I was alone at a funeral, preparing a grave-side tea and biscuit service. There was a light rain falling and a westerly breeze. I had no way of knowing they were coming. I had my back to them, didn’t see them dragging themselves towards me from the car park. They were silent and lumbering. Obese extras from a John Carpenter film they surrounded me with their pendulous arms, thighs bulging like rolled up futons. What could they possibly want?
“Cup o’ tea please love.”
Earlier that day, Belinda had put the question to me.
“You alright to go and serve grave-side refreshments for a mid morning function?”
“Right…it’s a bit unusual but some of the punters go in for it.”
“Yeah alright then…”
So there I was…
Think “The Munsters” without any of the quirky charm. Think, fifty-odd people from the same stagnant genetic pond. I’m not being cruel, just telling it like it was. Some people should not breed, should not be allowed to. They may of course be part of some government endorsed experiment.
That would explain a lot.
The funeral director was from ‘Simplicity’. They all have names like that: Ease, Calm, Reassurance. In this line of business ‘Moody’ & ‘Prank’ don’t get many calls, although I’m beginning to wonder. The casket lowering device ground to a halt halfway down. Far too much weight. Two minutes of mild panic ensued until the undertaker fetched his hand winch and started winching. After three turns it slipped, fell out and bounced into the grave. Without a second thought he leapt in after it. It was obviously his favourite hand winch. Personally I’d have left it there and got another one. The funeral director was now sniggering behind her hand. Most unprofessional I thought.
Here’s the thing: is it better to bury a man with a handle to a casket lowering device – what’s he going to do…winch himself back up again? – or jump into his open grave to retrieve it. This is not a dilemma I’ve been taught to deal with. Even Shakespeare didn’t cover this one, not that it would help this crowd if he had. The attendees didn’t look like they saw echoes in literature old, new or any past issues of Hello magazine. Totally unfazed, they had a refreshments break during which the grandmother gave the children gingerbread men she’d baked in the shape of her late husband. Oh yes she did. The children walked round munching and chatting.

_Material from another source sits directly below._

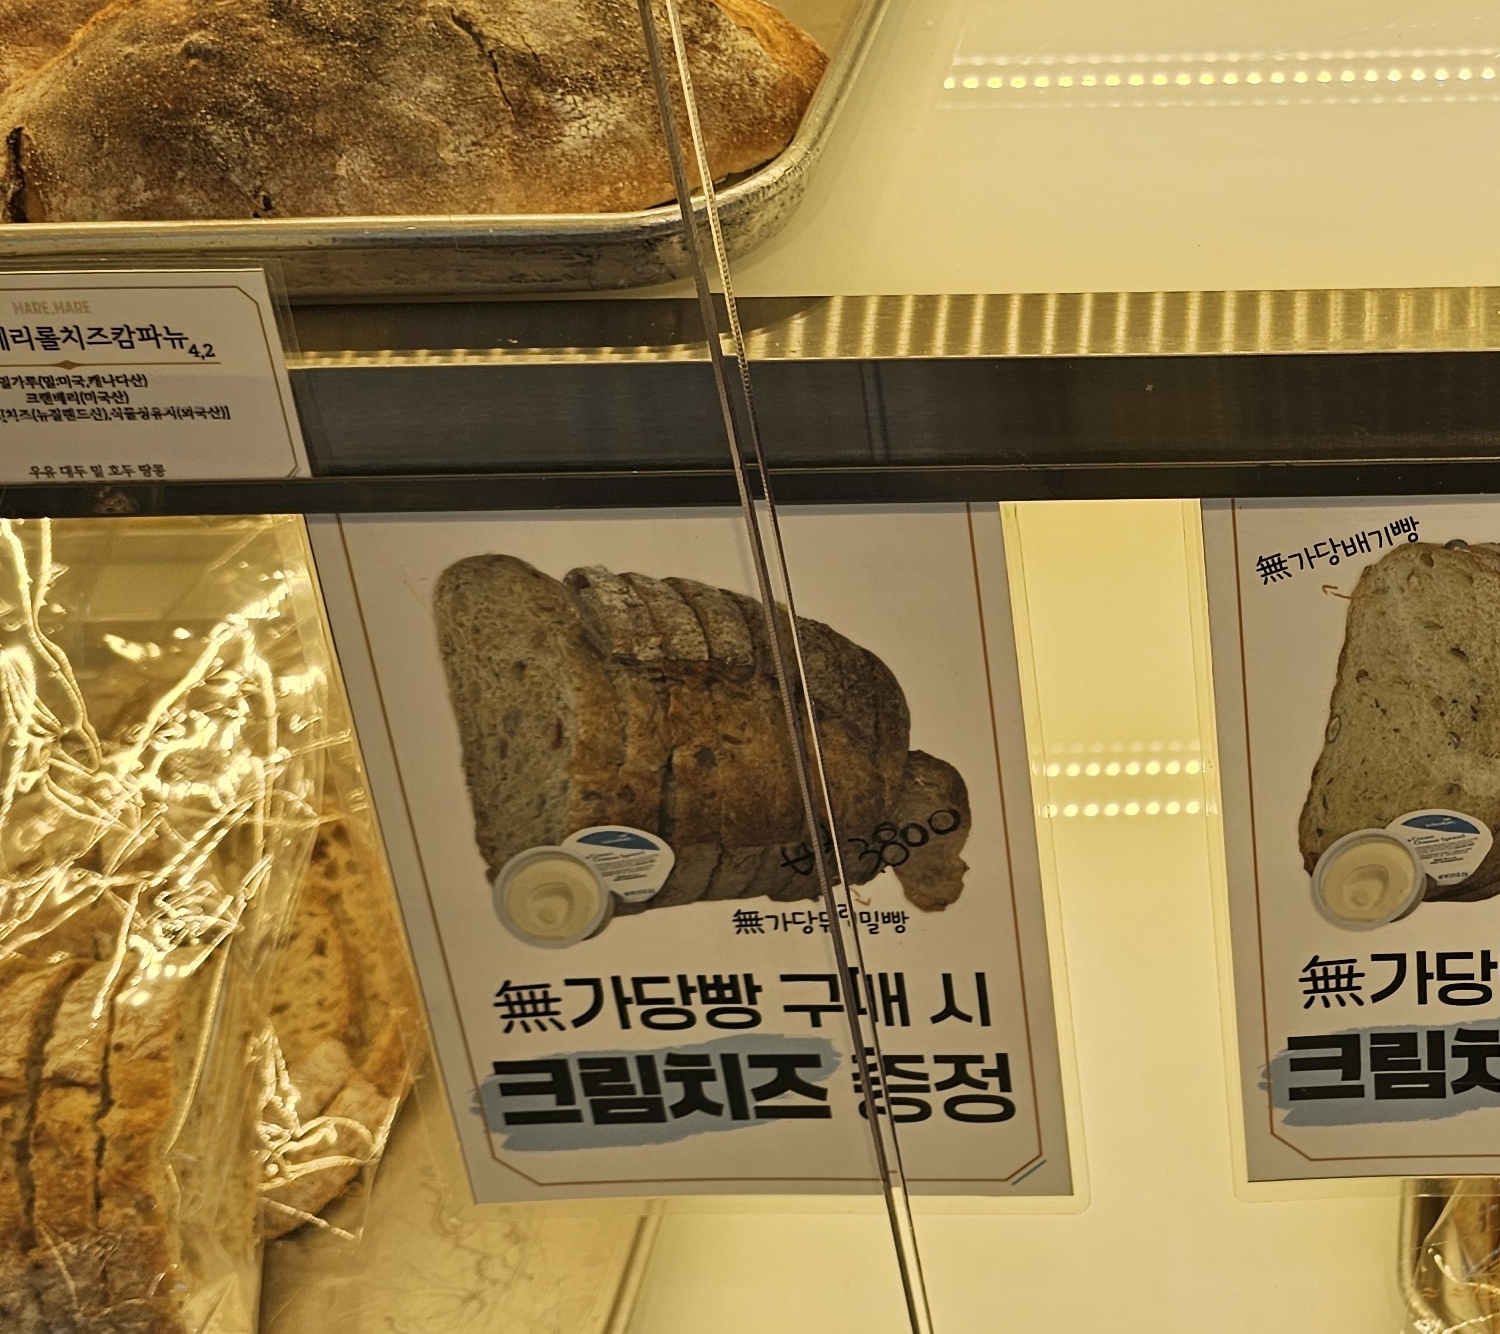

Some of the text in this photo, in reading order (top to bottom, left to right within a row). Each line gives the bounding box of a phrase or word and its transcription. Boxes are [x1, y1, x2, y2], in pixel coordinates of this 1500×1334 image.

[1256, 516, 1420, 585] 無가당배기빵
[494, 967, 991, 1033] 無가당빵 구매 시
[493, 1048, 1015, 1125] 크림치즈 증정

“I’m eating grandpa’s head.”
“I’ve got his legs.”
They consumed him in large bite sized pieces until finally the undertaker rose triumphantly from the grave with the hand winch and some of the family members applauded as though they hadn’t expected to see him again.
The Munsters travelled by car. None of them walked the five hundred metres from the cemetery to the memorial home. Six of them were in wheelchairs for no other reason I could see but sheer bulk. I opened the double doors and stood off to one side feeling like Nate in ‘Six Feet Under’. Then they arrived and descended on the food like a pack of bulimic hippos, devouring sandwiches and cakes as though they’d been ordered to do so by Major Calorie and General Obesity themselves. Sweets left in bowls around the room were swept into handbags. Two of the bowls went in with them. I overheard a large gathering – that’s two people in this case – wondering what the complimentary packets of tissues would go for on eBay. They have “Funeral Home” and “Memorial Park” written on them and are not something you’d would want to whip out in a cinema to comfort someone with.
I have to say I admire their ruthless efficiency. I feel pleased with myself when I get home with tea and coffee sachets from a hotel room but that’s just peanuts in comparison, ranking as nothing more than amateur pilfering. This crowd hoovered up every last crumb and drop of drink we had. I’m surprised they didn’t have doggy bags and flasks with them – this is one area I feel they could improve in.
I worked furiously, bringing out more and more food. Mainly out of fear that in their hunger they might turn their attentions on me. Marooned on a desert island with this lot you wouldn’t last past morning tea; you’d be toast, as they say, or casserole or whatever else took their fancy. No one in the sixty strong gathering appeared to be from a different gene pool except for one slim Latino girl who was so out of place I can only assume she was there researching her genetics thesis. This monstrously obese family would provide enough material for several PHDs and more insight into the dangers of inbreeding than any royal family. The Latino girl and I became increasingly aware of one another. It was hard not to. We were two sheep amongst wolves. I was tempted to slip her a floor plan with emergency exits should things turn nasty. Out in the open we could outrun them.